REQUIRED WORK: Only the lines from the one containing "this 1600×1375 image." through the last line below belong in your copy; transcribe them exactly and omit any pictures.

THE DATA Start Marker

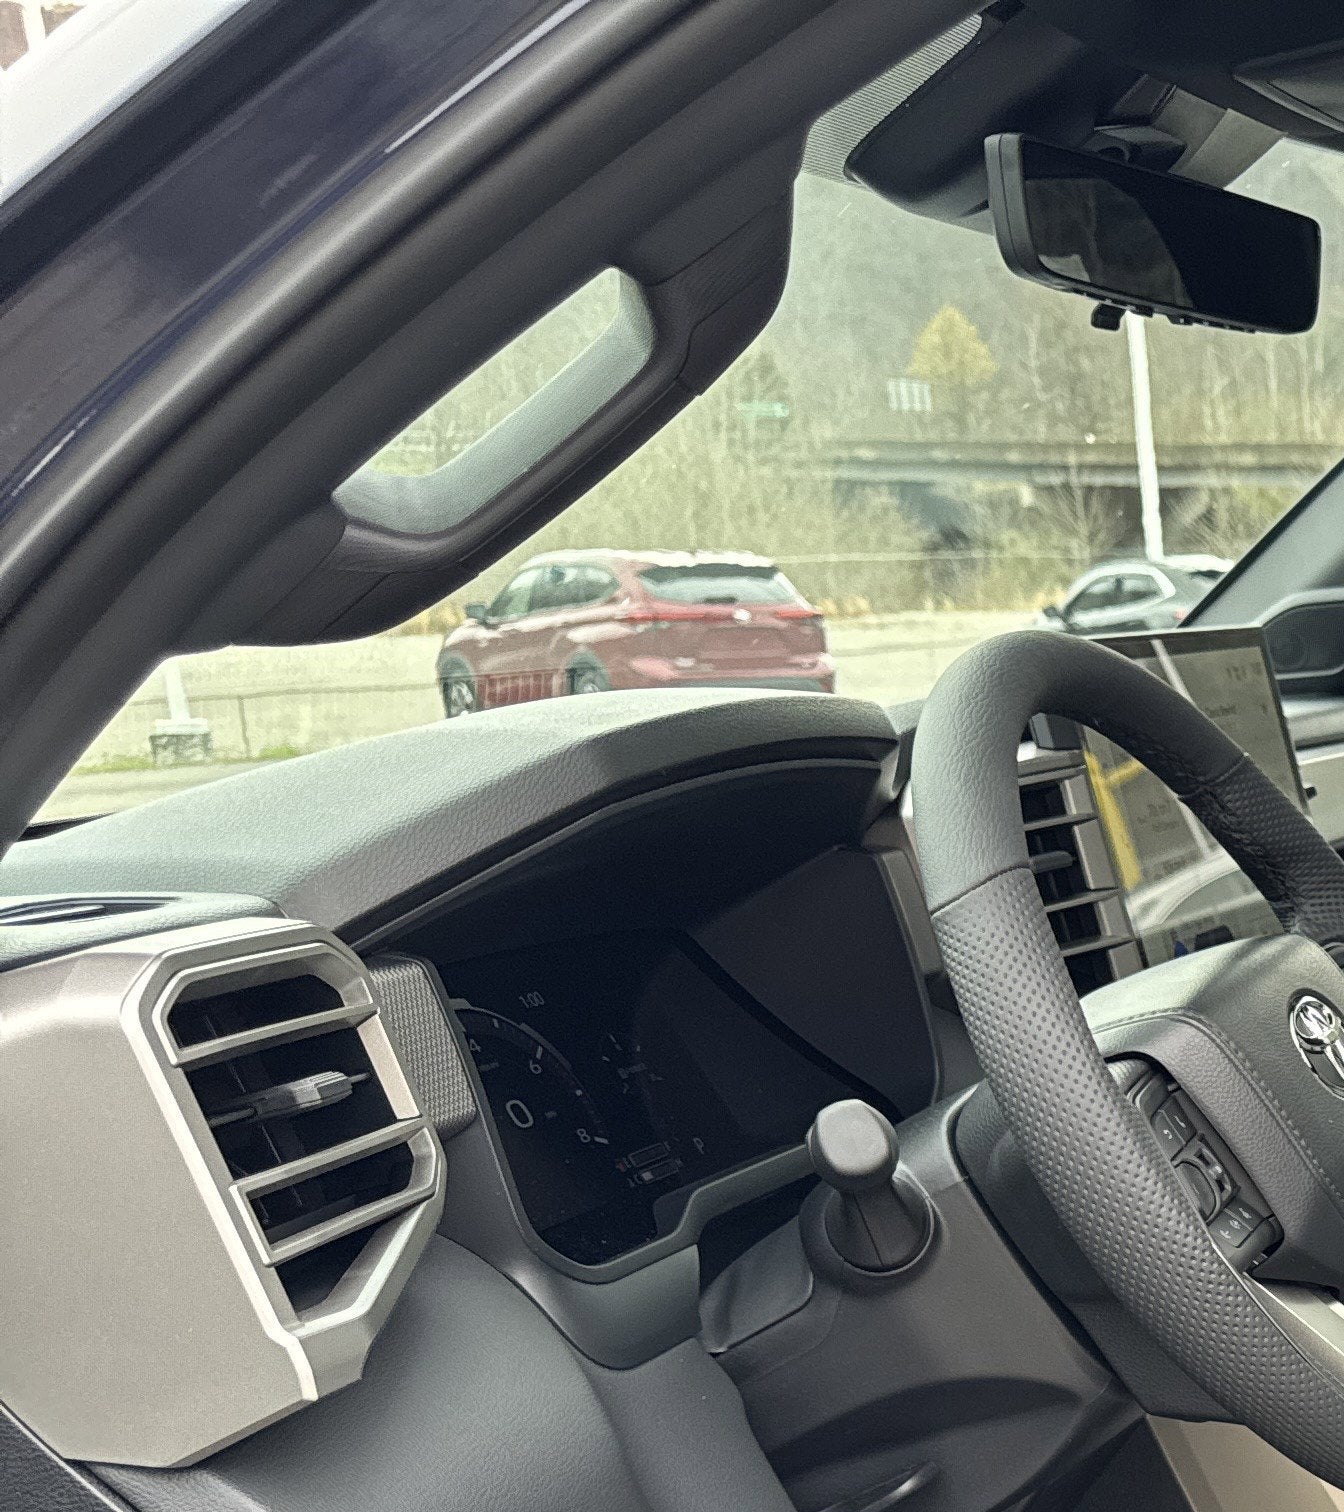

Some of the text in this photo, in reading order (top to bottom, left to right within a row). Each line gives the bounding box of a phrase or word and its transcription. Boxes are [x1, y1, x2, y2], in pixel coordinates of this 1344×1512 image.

[529, 1058, 543, 1075] 6
[505, 1099, 535, 1129] 0
[576, 1127, 592, 1143] 8
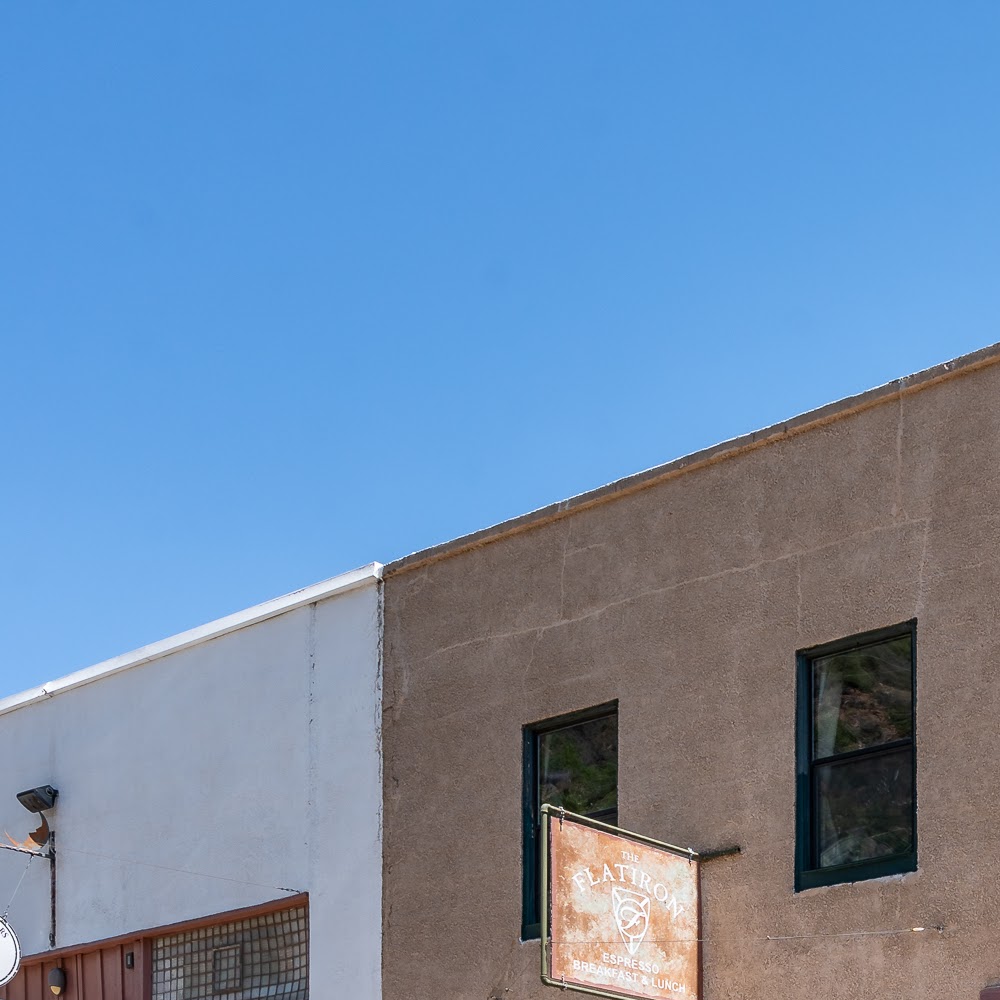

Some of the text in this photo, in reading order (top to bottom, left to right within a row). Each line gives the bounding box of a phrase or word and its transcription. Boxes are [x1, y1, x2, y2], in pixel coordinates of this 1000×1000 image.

[621, 851, 639, 863] THE
[572, 863, 684, 919] FLATIRON
[573, 959, 686, 993] BREAKFAST & LUNCH
[603, 953, 660, 974] ESPRESSO
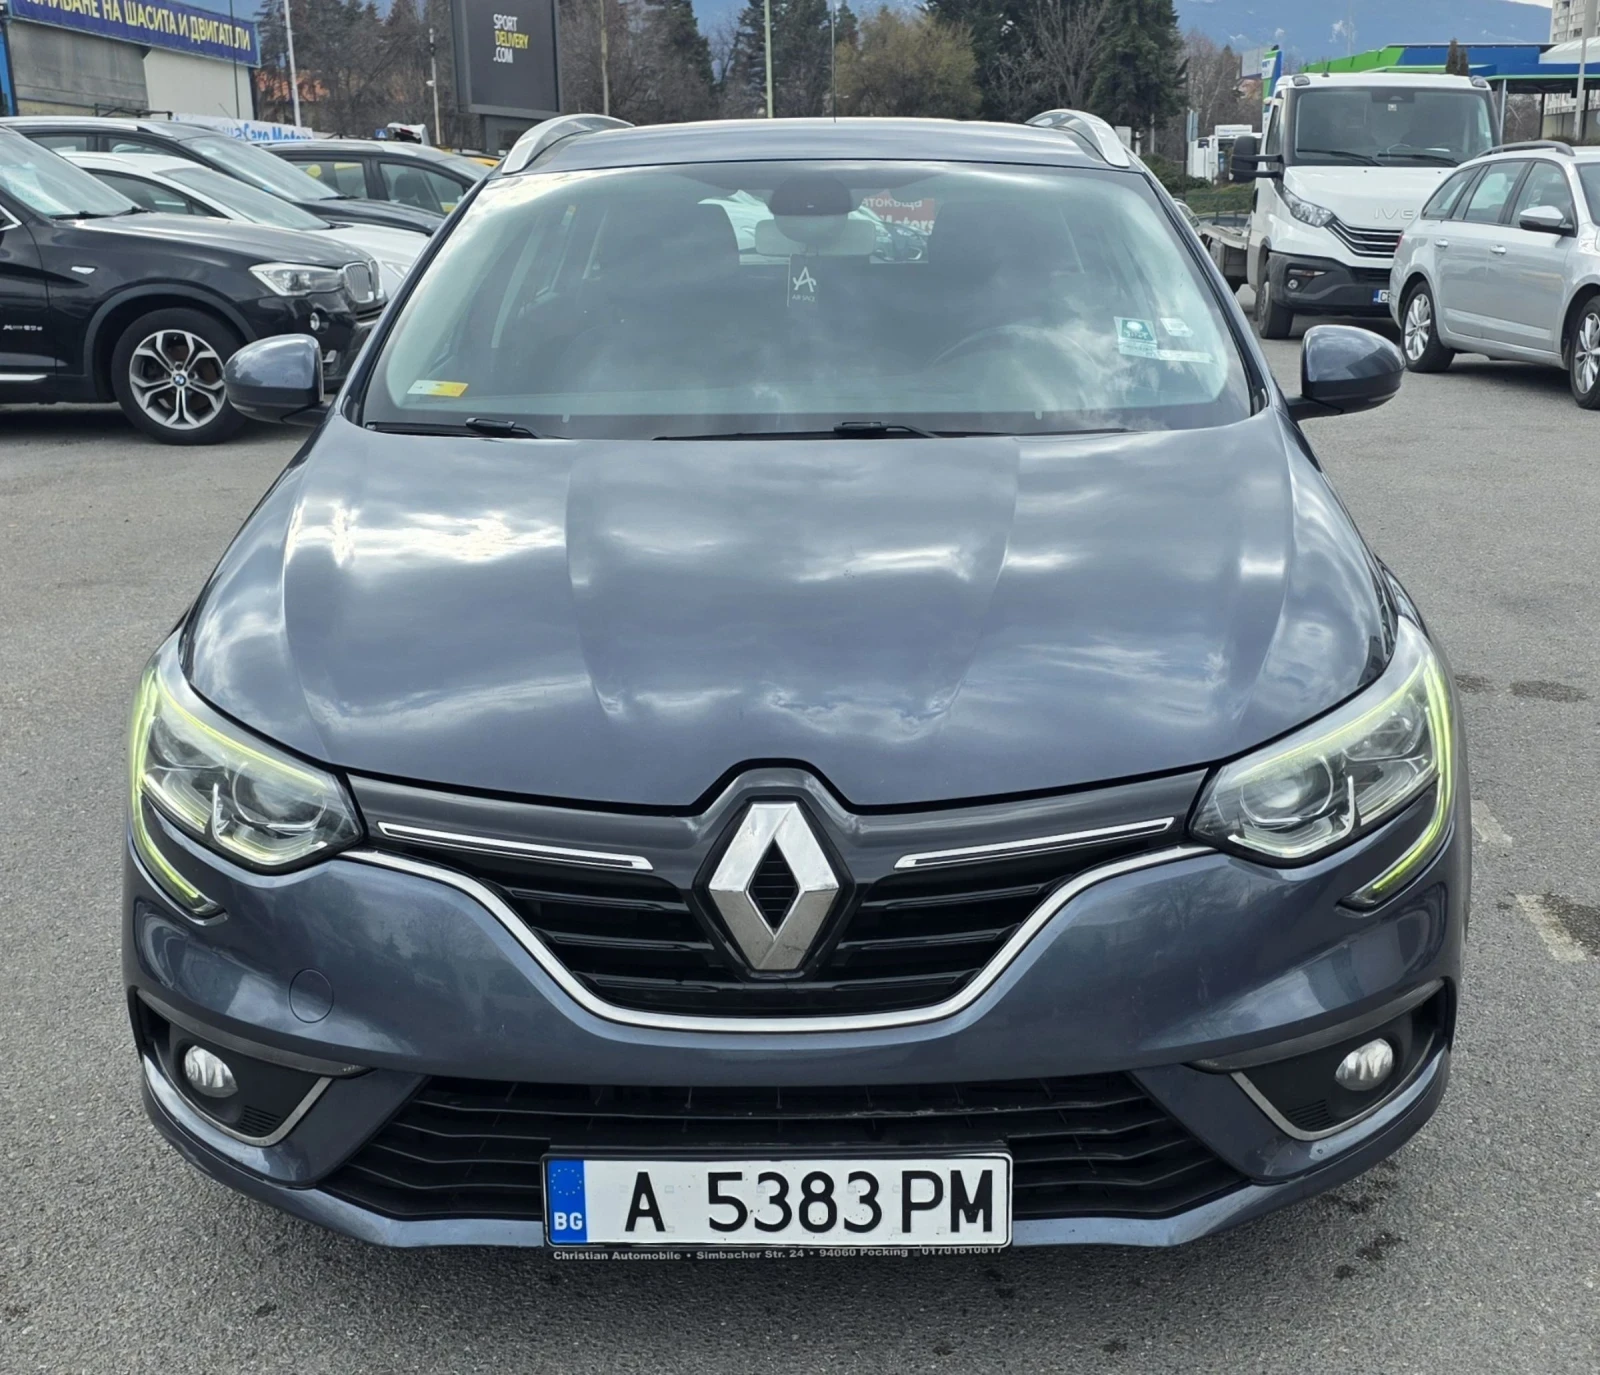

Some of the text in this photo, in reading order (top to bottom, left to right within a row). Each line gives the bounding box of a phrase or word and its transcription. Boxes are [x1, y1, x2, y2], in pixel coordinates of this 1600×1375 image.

[102, 0, 122, 23] НА
[124, 1, 178, 35] ШАСИТА
[178, 13, 189, 37] И
[493, 14, 518, 31] SPORT
[495, 31, 529, 49] DELIVERY
[493, 47, 514, 63] .COM
[1374, 208, 1414, 220] IVE
[625, 1170, 993, 1233] A 5383 PM
[554, 1212, 583, 1230] BG
[553, 1251, 609, 1261] Christian
[612, 1251, 681, 1261] Automobile
[696, 1250, 761, 1260] Simbacher
[765, 1249, 786, 1260] Str.
[789, 1249, 804, 1258] 24
[819, 1248, 856, 1258] 94060
[860, 1248, 908, 1258] Pocking
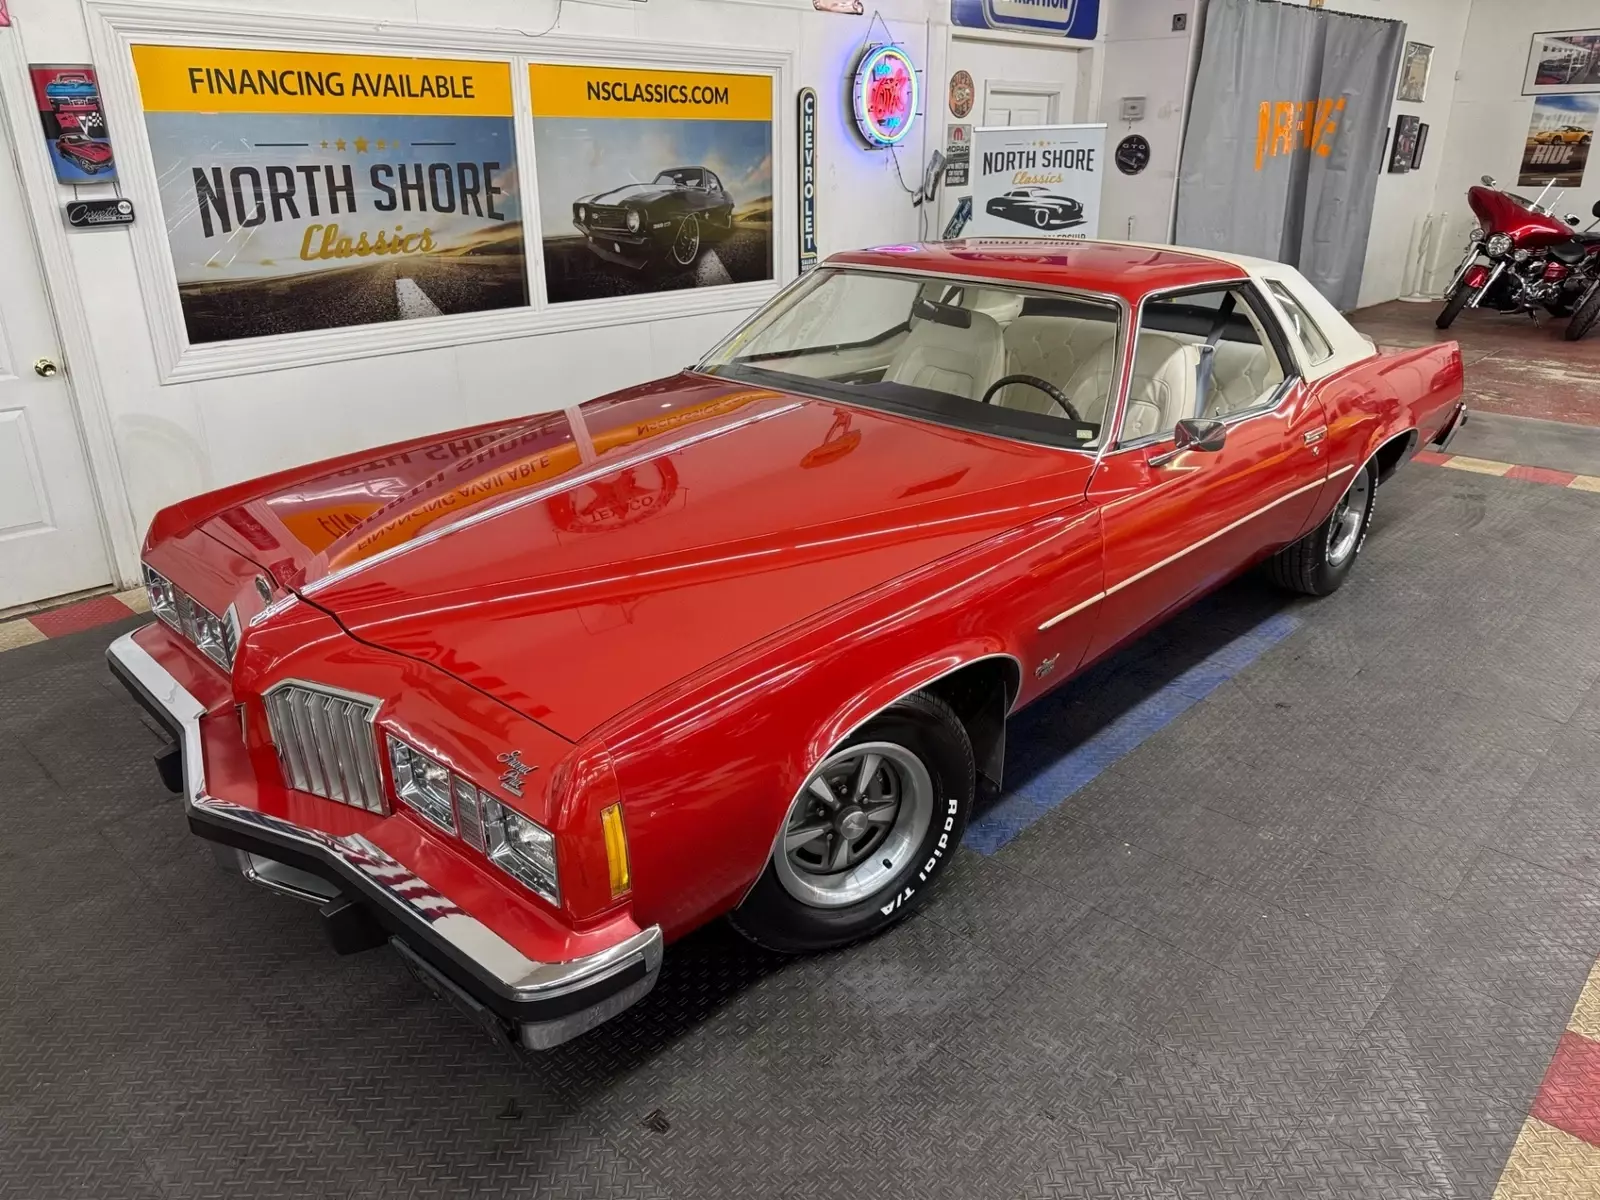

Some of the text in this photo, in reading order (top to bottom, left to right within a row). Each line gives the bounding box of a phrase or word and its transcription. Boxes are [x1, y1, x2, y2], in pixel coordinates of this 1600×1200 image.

THE DATA End Marker

EXERCISE OUTPUT:
Some of the text in this photo, in reading order (top to bottom, left to right within a row). Each line gives the bounding box of a phrase or word and its transcription. Boxes are [x1, y1, x2, y2], in pixel coordinates of this 1600×1375 image.

[102, 0, 122, 23] НА
[124, 1, 178, 35] ШАСИТА
[178, 13, 189, 37] И
[493, 14, 518, 31] SPORT
[495, 31, 529, 49] DELIVERY
[493, 47, 514, 63] .COM
[1374, 208, 1414, 220] IVE
[625, 1170, 993, 1233] A 5383 PM
[554, 1212, 583, 1230] BG
[553, 1251, 609, 1261] Christian
[612, 1251, 681, 1261] Automobile
[696, 1250, 761, 1260] Simbacher
[765, 1249, 786, 1260] Str.
[789, 1249, 804, 1258] 24
[819, 1248, 856, 1258] 94060
[860, 1248, 908, 1258] Pocking

Some of the text in this photo, in reading order (top to bottom, left to right within a row). Each line gives the bounding box of a phrase or word and its transcription. Boxes are [x1, y1, x2, y2], in pixel coordinates of this 1600×1200 image.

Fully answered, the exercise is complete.